YOUR GOAL. Apart from the pictures, everything in the lines below must be printed exactly.

DATA PROVIDED.
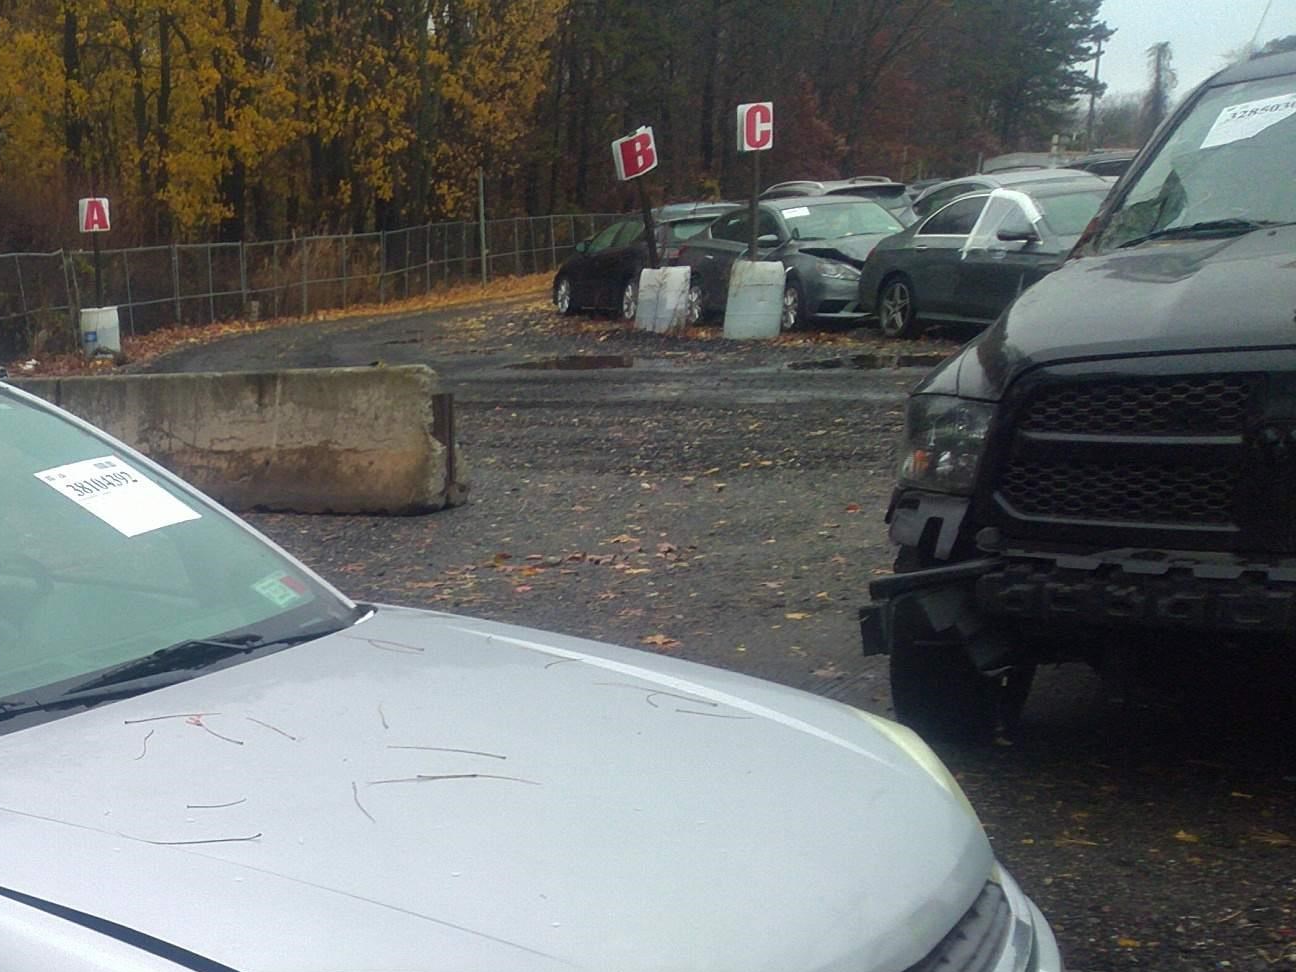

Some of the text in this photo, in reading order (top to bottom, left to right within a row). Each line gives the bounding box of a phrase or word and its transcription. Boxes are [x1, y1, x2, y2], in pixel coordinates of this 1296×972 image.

[745, 104, 772, 149] C
[620, 132, 655, 178] B
[84, 200, 109, 230] A
[65, 471, 138, 497] 38104392

ANSWER FOR THIS EXERCISE.
Some of the text in this photo, in reading order (top to bottom, left to right within a row). Each line gives the bounding box of a phrase or word and its transcription. Boxes are [x1, y1, x2, y2], in pixel coordinates of this 1296×972 image.

[745, 104, 772, 149] C
[620, 132, 655, 178] B
[84, 200, 109, 230] A
[65, 471, 138, 497] 38104392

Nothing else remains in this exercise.